In 1949, a Kerch amphora was found in Gnezdovo in Smolensk Oblast, Russia, containing what may be the earliest inscription in Old East Slavic. The amphora was found in the grave of a Scandinavian merchant who traded with the Orient. The excavator read the one-word inscription as Cyrillic "гороухща" (goruhšča), inferring that it designated mustard that was kept there. This explanation has not been universally accepted and the inscription seems to be open to different interpretations. Other scholars have read the apparent "хщ" letter combination as an "N", resulting in a transcription as "гороуна" which could be either Cyrillic or Greek and which might represent an Arabic name Hārūn with possessive suffix (Härün's amphora). The inscription is dated to the early 10th century, which suggests a hitherto unsuspected popularity of the Cyrillic script in pre-Christian Rus. Different sources prove that the Slavic and Norse population of Russia had trade connections to the Muslim and Asian worlds.

 In 2021 new archaeological evidence of an early instance of writing among a Slavic population was published. In 2017 a cattle bone, dated 585–640 AD, with runes of the Germanic Elder Futhark was discovered in a Prague culture settlement near Břeclav in the Czech Republic.
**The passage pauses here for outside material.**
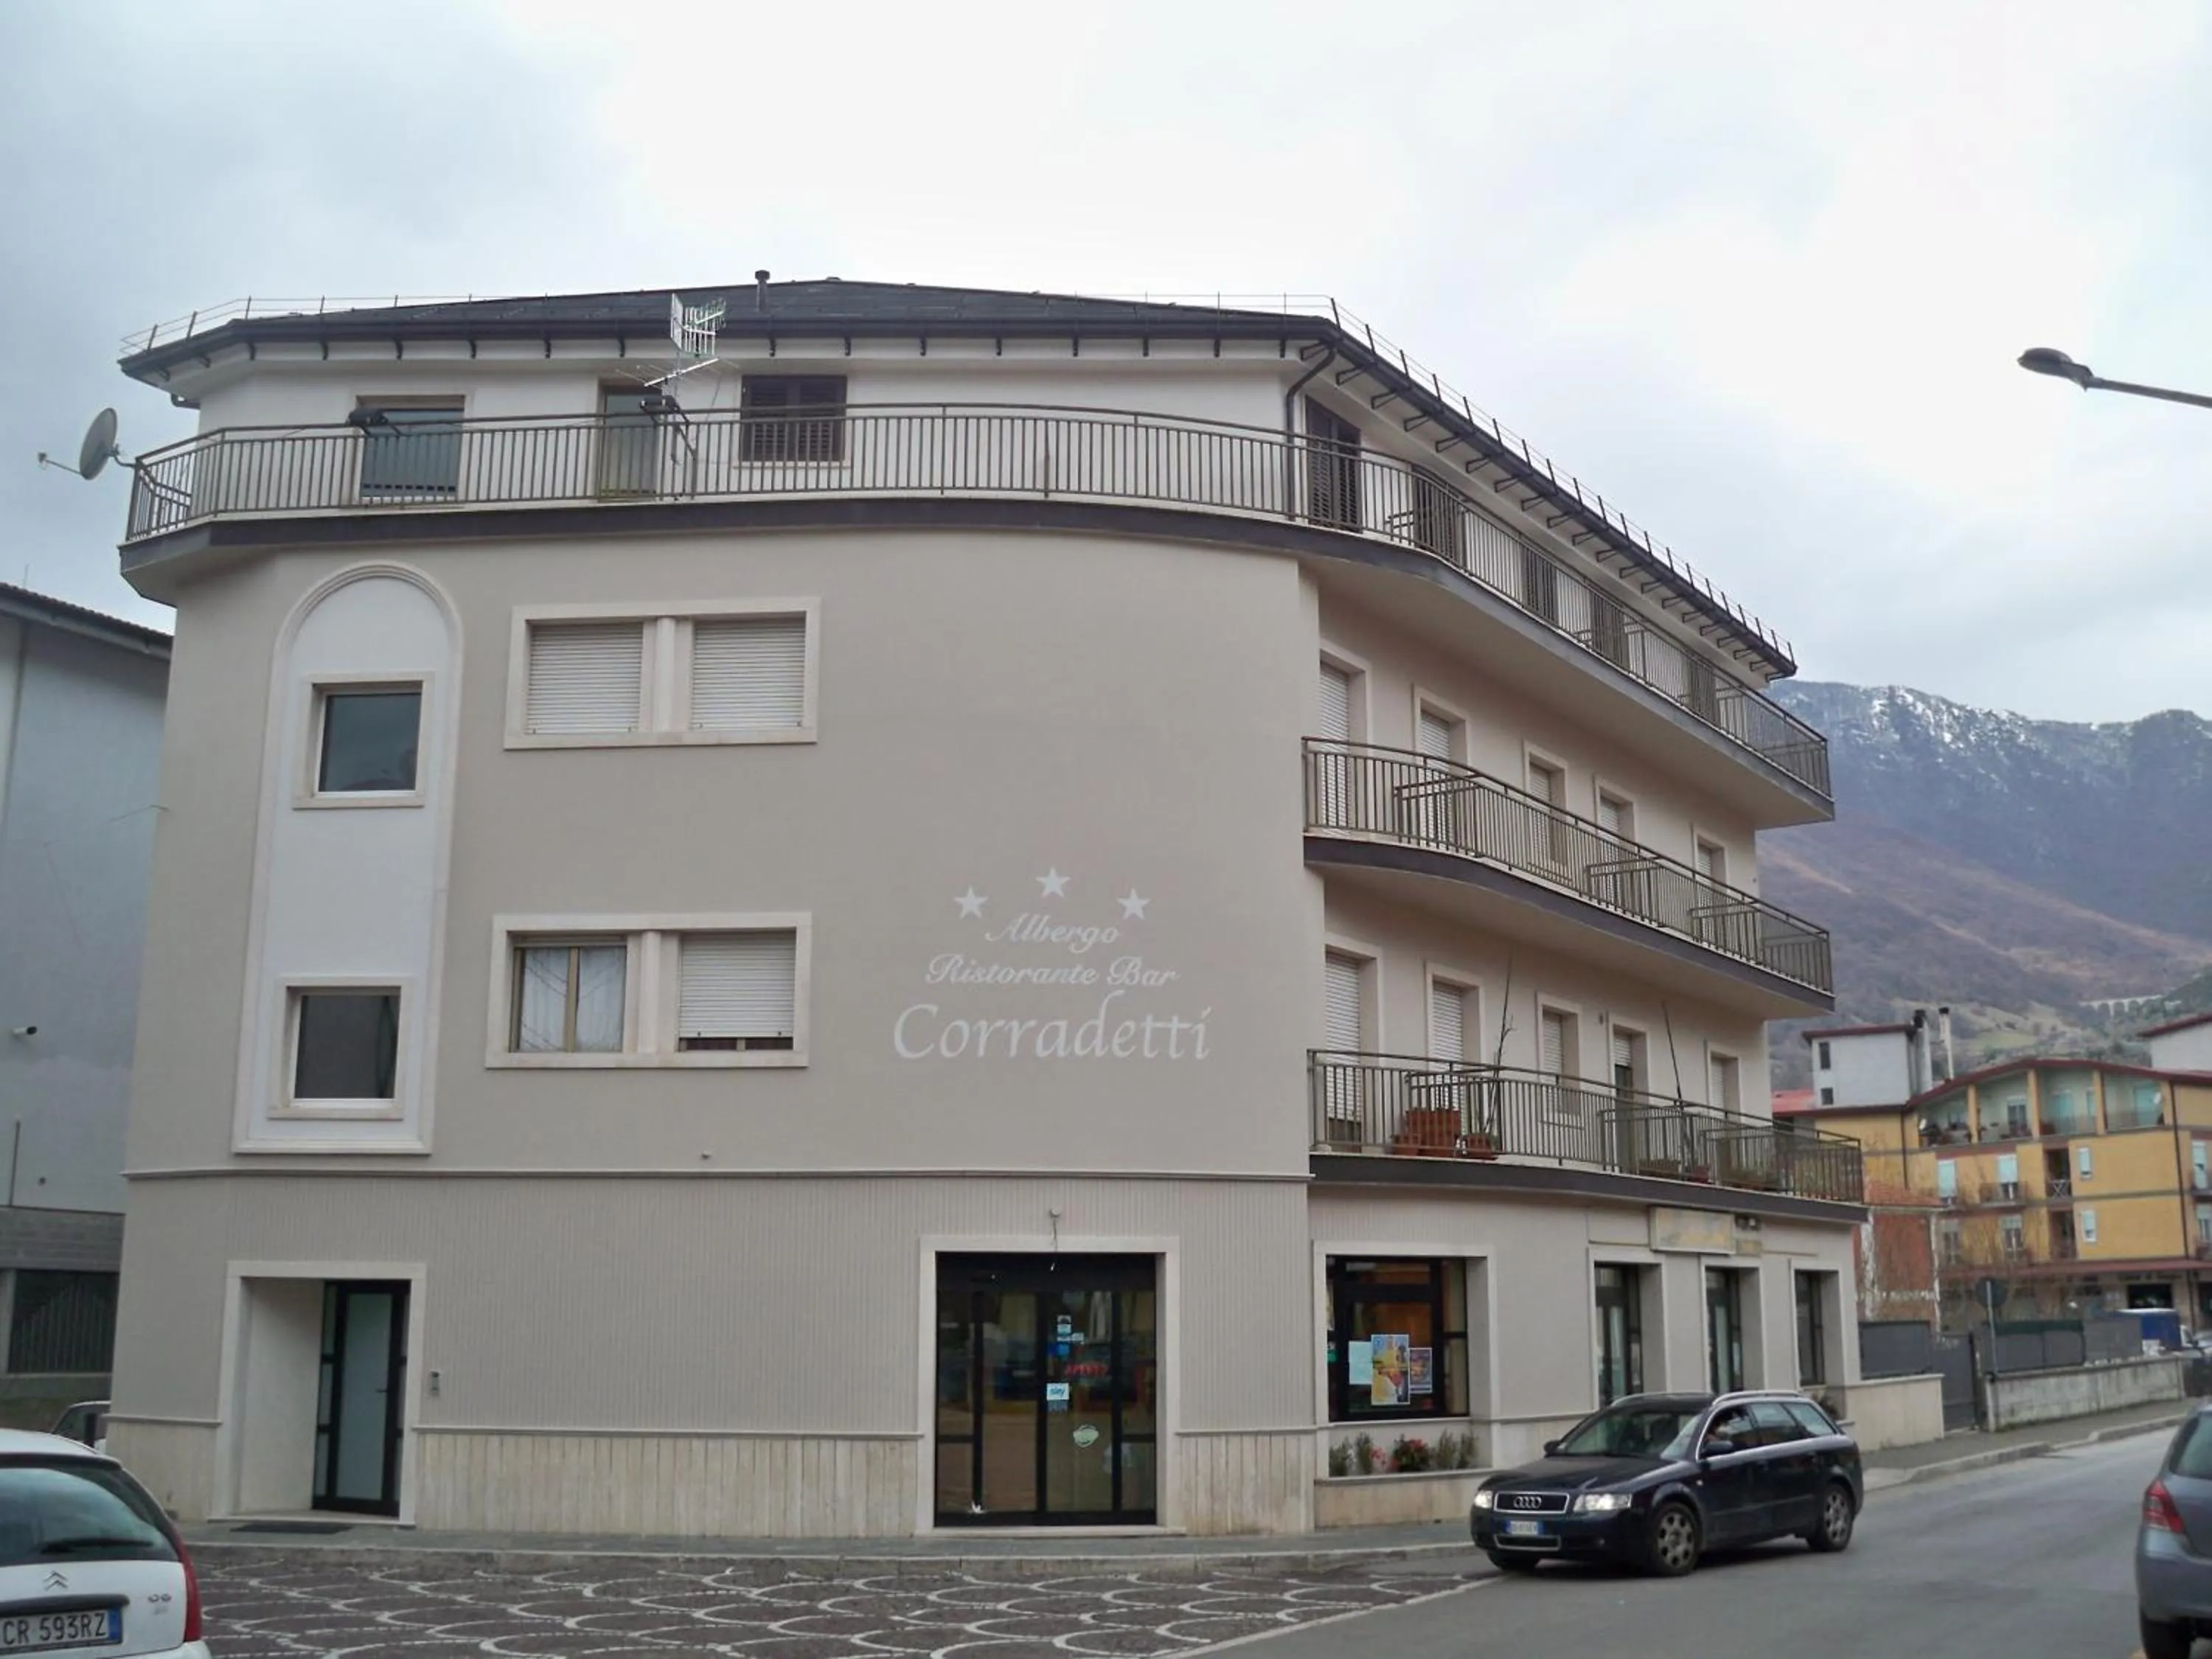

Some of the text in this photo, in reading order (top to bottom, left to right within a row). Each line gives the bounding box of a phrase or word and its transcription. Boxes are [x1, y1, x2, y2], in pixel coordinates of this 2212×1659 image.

The inscription contains no recognizable words in either Slavic or any other language but seems to represent an attempt at an abecedary. It may have been incised by people of Germanic origin that remained in the region after the departure of the Lombards, or the runes may have been engraved by a Slav. In either case, the find attests to a direct interaction between the Slavic and Germanic ethnolinguistic groups.  If runic knowledge was transferred from Germanic peoples to Slavs, it must have happened in Central Europe as judged by the rune shapes or it may have persisted in the region as a result of population continuity between Lombards and Slavs.

Evidence against 
In the Vita Cyrilli, Rastislav, the duke of Moravia, sent an embassy to Constantinople asking Emperor Michael III to send learned men to the Slavs of Great Moravia, who being already baptised, wished to have the liturgy in their own language, and not Latin and Greek. Emperor called for Constantine and asked him if he would do this task, even though being in poor health. Constantine replied that he would gladly travel to Great Moravia and teach them, as long as the Slavs had their own alphabet to write their own language in, to which the Emperor replied that not even his grandfather and father and let alone he could find any evidence of such an alphabet. Constantine was distraught, and was worried that if he invents an alphabet for them he'll be labelled a heretic.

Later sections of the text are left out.